Characterization of the sour cherry strain of plum pox virus

Properties of the sour cherry isolate of plum pox virus (PPV) were investigated by reverse transcription-polymerase chain reaction (RT-PCR), restriction fragment length polymorphism (RFLP), molecular hybridization, nucleotide sequencing, ultrathin sectioning of infected tissue, and graft transmission to different cherry rootstocks.
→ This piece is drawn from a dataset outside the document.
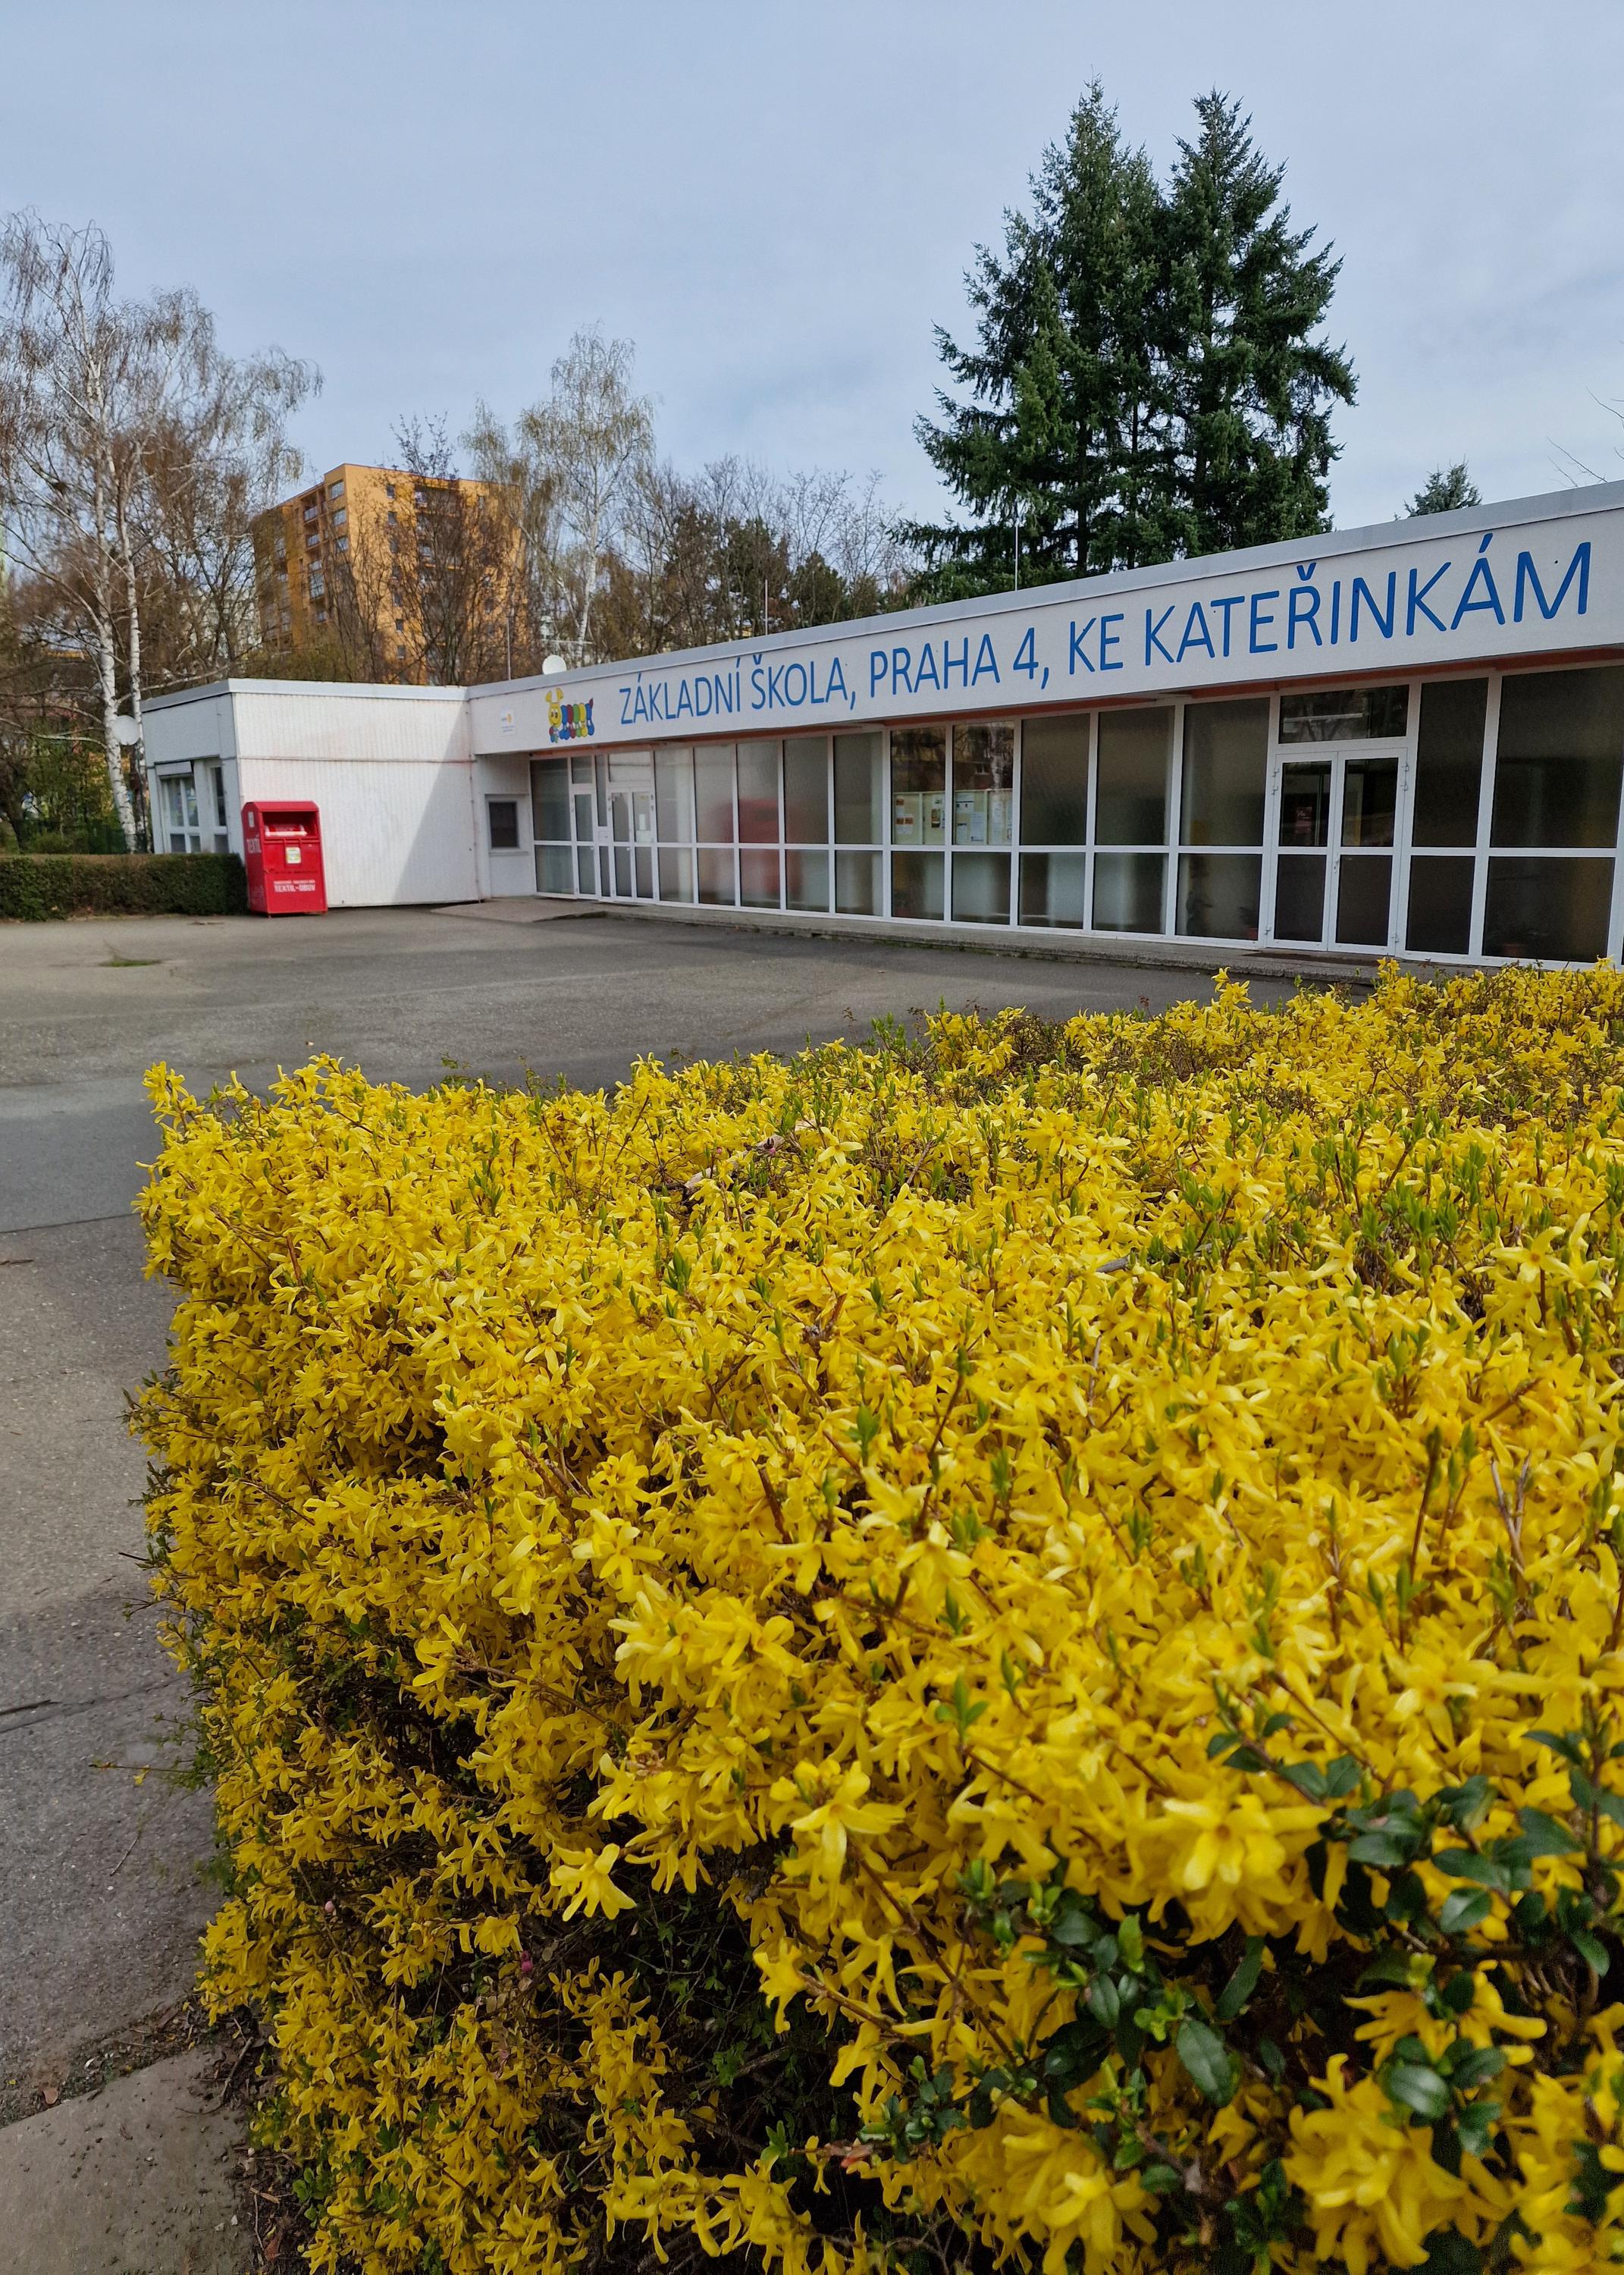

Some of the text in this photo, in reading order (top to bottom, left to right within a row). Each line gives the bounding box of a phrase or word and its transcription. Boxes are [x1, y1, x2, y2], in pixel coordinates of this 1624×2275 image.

[619, 532, 1592, 726] ZÁKLADNÍ ŠKOLA, PRAHA 4, KE KATEŘINKÁM
Analysis of RT-PCR-amplified cDNA product from infected tissue with primers for the 3' noncoding region (3'-NCR) of the PPV genome and molecular hybridization of the amplified product with a labeled PPV cRNA probe verified that the potyvirus infecting sour cherry trees (Prunus cerasus) in Moldova is an isolate of PPV. RFLP analysis of RT-PCR products from infected tissue with specific primers for the 3'-terminal region of the PPV coat protein (CP) gene revealed that the sour cherry isolate of PPV is a unique strain of PPV and a prototype of a new group that contains neither the RsaI nor the AluI restriction site. These results were confirmed by nucleotide sequencing analysis. Nucleotide sequencing of the 3'-NCR and the region coding for the 3'-terminal fragment of the PPV CP gene showed about 93% identity to that of other PPV isolates. RT-PCR assays of tissue extracts from three sour cherry cultivars demonstrated that sour cherry PPV was distributed systemically in sour cherry trees and infected leaf, bark, root, flower, fruit, and seed tissues. The virus was successfully transmitted by chip bud grafting to rootstocks of P. avium (sweet cherry) and P. mahaleb.